Seit Montag protestieren in ganz Frankreich auch Schüler und Studenten gegen Reformen im Bildungsbereich. Sie blockieren Bildungseinrichtungen. Auch hier ist die Lage angespannt.

Hunderte Schüler festgenommen

Bei Demonstrationen wurden am Donnerstag in der Nähe von Paris 146 Menschen festgenommen. Dabei handelte es sich vor allem um Schüler, die in der Nähe einer Schule in Mantes-la-Jolie protestiert hatten, wie die Polizei erklärte. Die Schüler hätten in dem Ort randaliert.


(Video: AFP/GiletsJaunesFr/Twitter)

Im ganzen Land wurden laut der Nachrichtenagentur AFP mehr als 700 Schüler vorläufig festgenommen.Premier Philippe erklärte im Senat, Innenminister Christophe Castaner rufe dazu auf, am Samstag nicht in Paris zu demonstrieren. Es sei nicht verboten, zu demonstrieren – allerdings würden so Demonstranten nicht in die Falle von Schlägern geraten.

Eiffelturm und Museen geschlossen

Die Krise wirkt sich auch auf den Tourismus aus, der ein wichtiges wirtschaftliches Standbein Frankreichs ist. Wegen der erwarteten Proteste wird das Wahrzeichen von Paris, der Eiffelturm, am Samstag für Besucher geschlossen bleiben. Auch die Oper und Museen wie der weltbekannte Louvre wollen nicht öffnen.

Präsident Macron war den Demonstranten am Mittwochabend etwas weiter entgegengekommen und hatte angekündigt, die geplanten Steuererhöhungen für Benzin und Diesel für das Jahr 2019 ausser Kraft zu setzen. An diesen Erhöhungen hatte sich der Protest der gelben Westen entzündet.

Mit öffentlichen Auftritten hielt sich der Präsident nach seiner Rückkehr vom G-20-Gipfel in Argentinien aber zurück. Die Erklärungen für die Politik der Regierung lieferte stattdessen Premier Philippe vor der Nationalversammlung und dem Senat. Den Kurswechsel bei den Steuererhöhungen kündigte Umweltminister François de Rugy während einer Livesendung im Fernsehen an.

Todesfälle befürchtet

Wenn der Bildungsminister nicht bald eine starke Antwort gebe, werde es Todesfälle geben, sagte der Präsident der Nationalen Schülerunion, Louis Boyard, dem Sender BFMTV. Er fürchte bei den Protesten Gewalt – und er rief gleichzeitig zur Ruhe auf.
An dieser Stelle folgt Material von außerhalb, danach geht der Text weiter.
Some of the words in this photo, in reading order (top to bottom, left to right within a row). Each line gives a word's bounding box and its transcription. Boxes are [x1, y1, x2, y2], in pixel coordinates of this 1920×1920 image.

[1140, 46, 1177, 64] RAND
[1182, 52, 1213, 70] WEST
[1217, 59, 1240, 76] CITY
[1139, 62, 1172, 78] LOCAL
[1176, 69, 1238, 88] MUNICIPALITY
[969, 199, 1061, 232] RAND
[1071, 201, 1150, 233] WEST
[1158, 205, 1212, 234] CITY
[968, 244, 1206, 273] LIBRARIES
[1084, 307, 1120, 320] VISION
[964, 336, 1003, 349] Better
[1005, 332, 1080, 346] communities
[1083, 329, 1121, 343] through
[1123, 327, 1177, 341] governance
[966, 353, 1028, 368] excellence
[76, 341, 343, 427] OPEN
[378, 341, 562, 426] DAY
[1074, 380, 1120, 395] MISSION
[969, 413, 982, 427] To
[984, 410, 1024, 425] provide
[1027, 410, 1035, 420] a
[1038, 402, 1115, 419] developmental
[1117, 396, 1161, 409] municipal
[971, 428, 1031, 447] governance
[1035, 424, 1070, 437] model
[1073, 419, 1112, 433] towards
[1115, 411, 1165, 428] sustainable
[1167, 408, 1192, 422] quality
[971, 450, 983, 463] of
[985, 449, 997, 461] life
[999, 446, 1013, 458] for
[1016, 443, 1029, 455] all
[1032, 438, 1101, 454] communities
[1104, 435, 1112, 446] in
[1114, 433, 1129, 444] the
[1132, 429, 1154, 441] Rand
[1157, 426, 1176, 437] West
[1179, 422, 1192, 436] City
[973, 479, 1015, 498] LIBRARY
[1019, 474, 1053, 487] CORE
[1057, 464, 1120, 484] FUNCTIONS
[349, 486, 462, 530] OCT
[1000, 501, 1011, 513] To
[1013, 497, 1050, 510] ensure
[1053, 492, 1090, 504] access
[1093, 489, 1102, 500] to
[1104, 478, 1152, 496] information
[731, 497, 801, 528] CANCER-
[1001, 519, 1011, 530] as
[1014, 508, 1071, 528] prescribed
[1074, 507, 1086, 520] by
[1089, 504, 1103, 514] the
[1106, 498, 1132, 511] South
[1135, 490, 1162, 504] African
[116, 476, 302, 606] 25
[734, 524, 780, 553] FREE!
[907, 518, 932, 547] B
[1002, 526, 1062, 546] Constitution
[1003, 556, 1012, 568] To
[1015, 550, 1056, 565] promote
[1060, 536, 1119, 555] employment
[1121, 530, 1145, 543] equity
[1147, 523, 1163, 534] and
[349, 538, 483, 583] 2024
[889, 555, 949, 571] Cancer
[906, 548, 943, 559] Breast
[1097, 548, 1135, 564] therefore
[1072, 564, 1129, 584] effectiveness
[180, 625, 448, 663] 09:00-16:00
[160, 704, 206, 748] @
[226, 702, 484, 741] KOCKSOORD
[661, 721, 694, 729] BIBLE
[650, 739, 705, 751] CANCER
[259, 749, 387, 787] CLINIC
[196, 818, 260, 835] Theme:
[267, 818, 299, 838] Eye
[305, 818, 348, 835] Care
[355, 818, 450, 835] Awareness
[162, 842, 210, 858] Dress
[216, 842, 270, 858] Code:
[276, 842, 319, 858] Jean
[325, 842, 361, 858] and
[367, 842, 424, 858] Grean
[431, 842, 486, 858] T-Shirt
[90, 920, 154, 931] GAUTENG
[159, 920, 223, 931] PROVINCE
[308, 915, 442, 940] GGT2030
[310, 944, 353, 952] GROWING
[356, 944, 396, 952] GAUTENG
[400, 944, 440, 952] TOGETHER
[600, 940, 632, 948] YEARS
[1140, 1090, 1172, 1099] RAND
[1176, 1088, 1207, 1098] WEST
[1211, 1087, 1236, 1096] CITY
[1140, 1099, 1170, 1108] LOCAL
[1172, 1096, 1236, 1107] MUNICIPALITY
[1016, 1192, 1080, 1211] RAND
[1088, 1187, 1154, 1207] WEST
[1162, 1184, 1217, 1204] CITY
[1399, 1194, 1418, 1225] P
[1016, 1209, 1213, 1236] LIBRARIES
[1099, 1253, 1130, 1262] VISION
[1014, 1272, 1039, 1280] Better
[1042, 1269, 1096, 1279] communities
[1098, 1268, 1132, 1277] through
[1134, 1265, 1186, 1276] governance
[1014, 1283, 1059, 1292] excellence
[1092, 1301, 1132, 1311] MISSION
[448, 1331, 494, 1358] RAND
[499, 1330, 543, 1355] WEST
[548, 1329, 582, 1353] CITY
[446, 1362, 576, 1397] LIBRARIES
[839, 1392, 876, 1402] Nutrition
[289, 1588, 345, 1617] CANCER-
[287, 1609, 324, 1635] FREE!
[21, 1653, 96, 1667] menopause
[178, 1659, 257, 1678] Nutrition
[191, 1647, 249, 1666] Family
Einige Bereiche der Pariser Universität Sorbonne blieben am Donnerstag geschlossen, wie die Hochschule mitteilte. Medienberichten zufolge hatten zuvor mehrere Menschen versucht, Teile der Universität zu besetzen.

Für kommende Woche haben die Landwirte Proteste angekündigt. Ein Grund für die Wut der Bauern sei «Agri-Bashing» – also pauschale Angriffe auf den Berufsstand der Bauern, hiess es von der Bauerngewerkschaft. Die Bauern fühlten sich «gedemütigt».